## Goal of the exercise
The expected output is every record below, transcribed exactly, with the pictures left out.

Available data below:

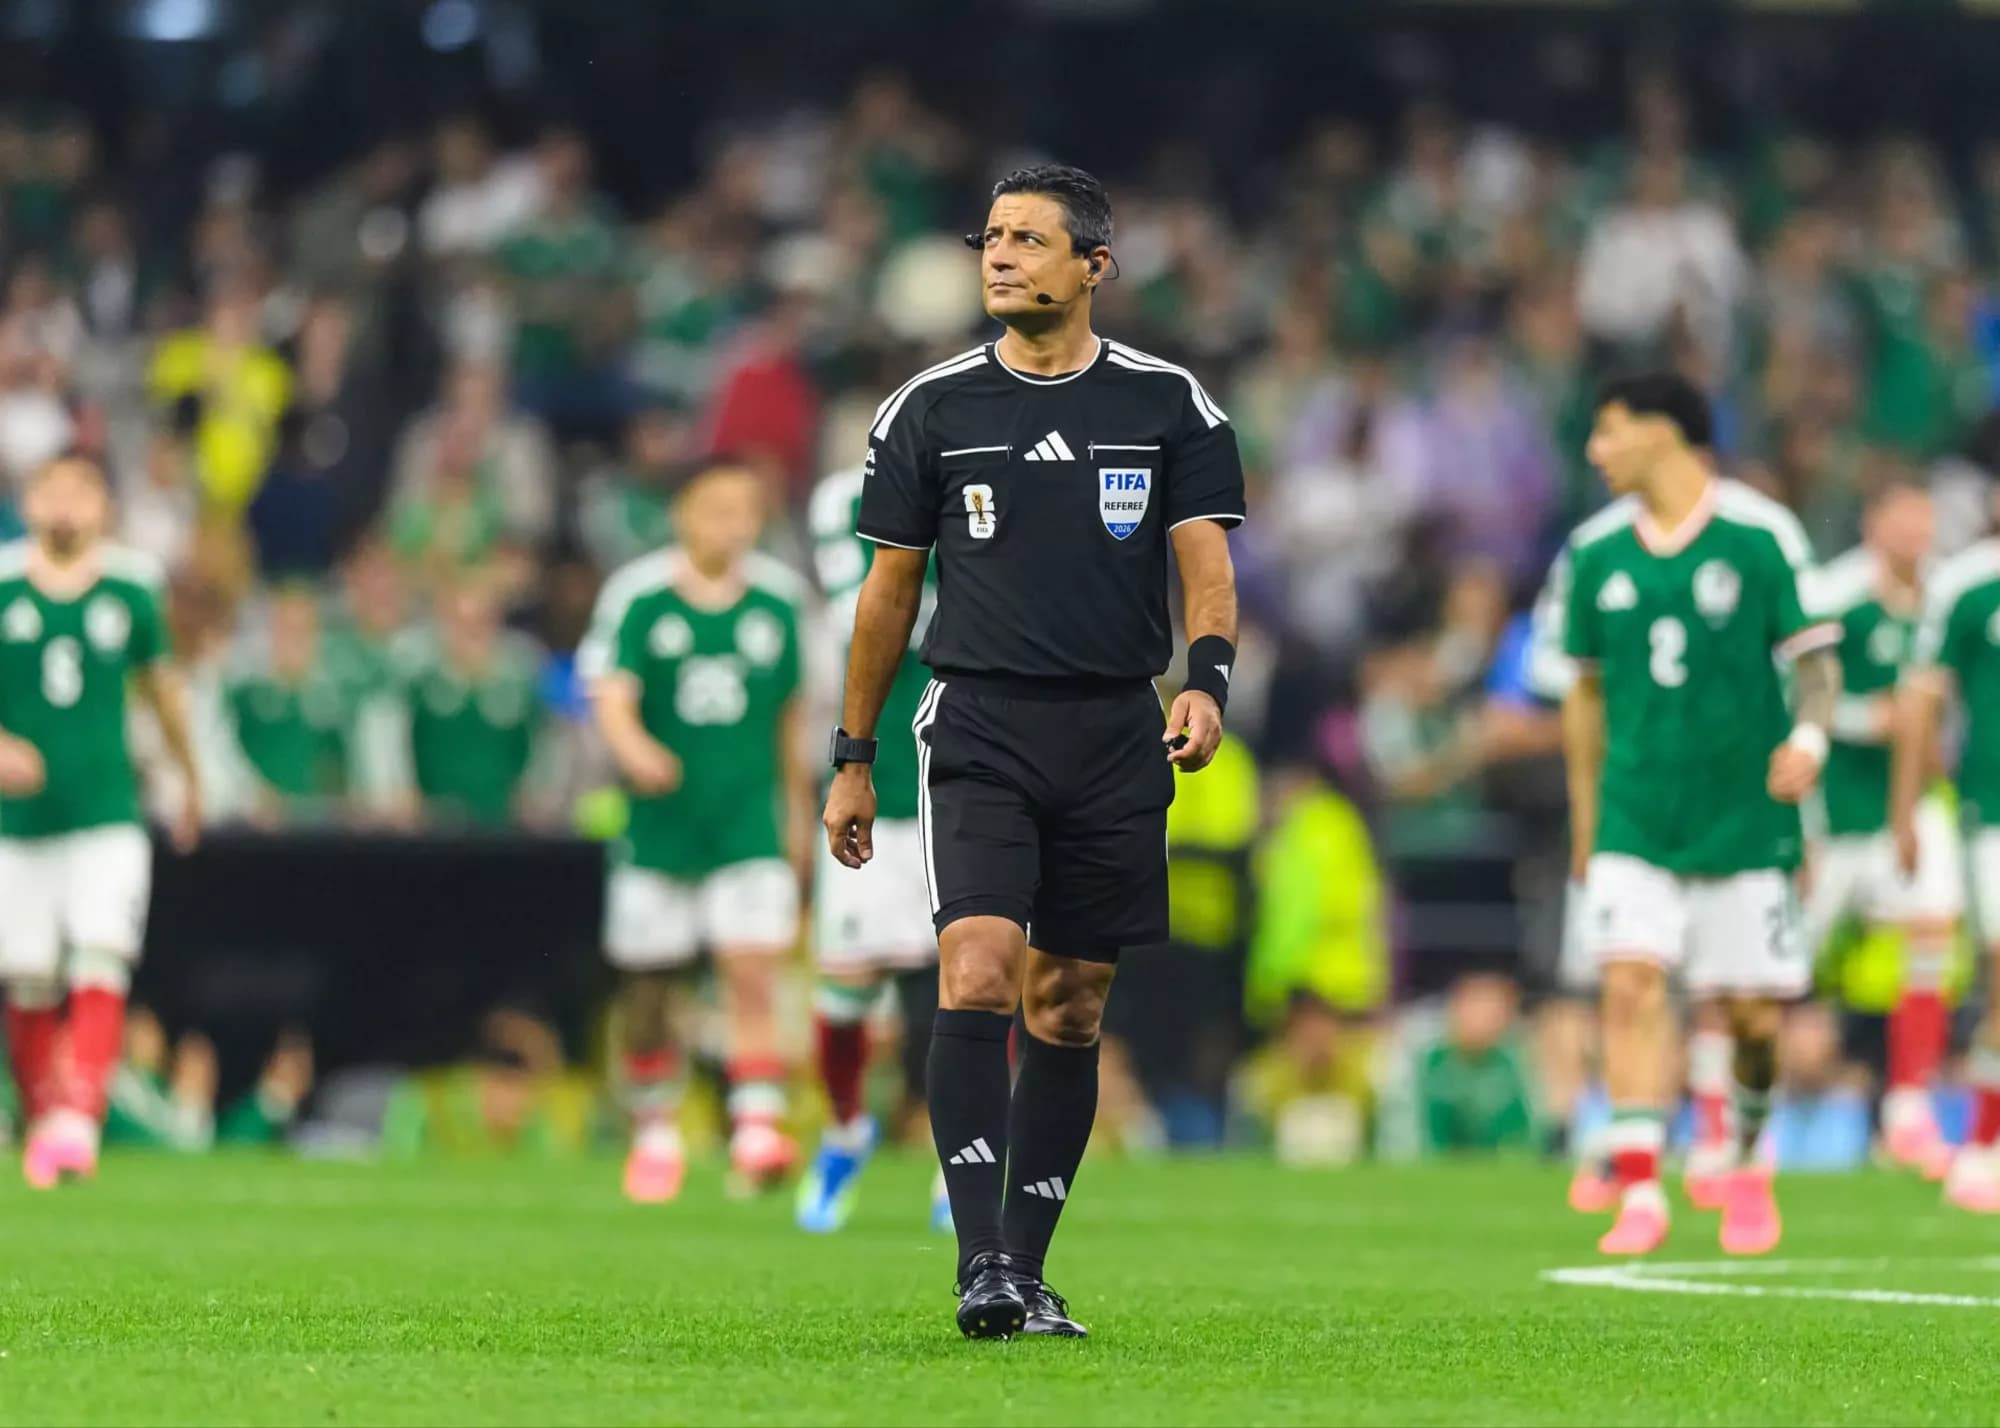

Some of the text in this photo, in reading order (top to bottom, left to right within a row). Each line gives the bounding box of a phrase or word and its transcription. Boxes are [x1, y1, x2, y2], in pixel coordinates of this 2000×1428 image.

[1105, 473, 1146, 490] FIFA
[1104, 501, 1144, 511] REFEREE
[1114, 525, 1131, 534] 2026
[1648, 615, 1688, 688] 2

End of Available data.

## Answer to this task
Some of the text in this photo, in reading order (top to bottom, left to right within a row). Each line gives the bounding box of a phrase or word and its transcription. Boxes are [x1, y1, x2, y2], in pixel coordinates of this 2000×1428 image.

[1105, 473, 1146, 490] FIFA
[1104, 501, 1144, 511] REFEREE
[1114, 525, 1131, 534] 2026
[1648, 615, 1688, 688] 2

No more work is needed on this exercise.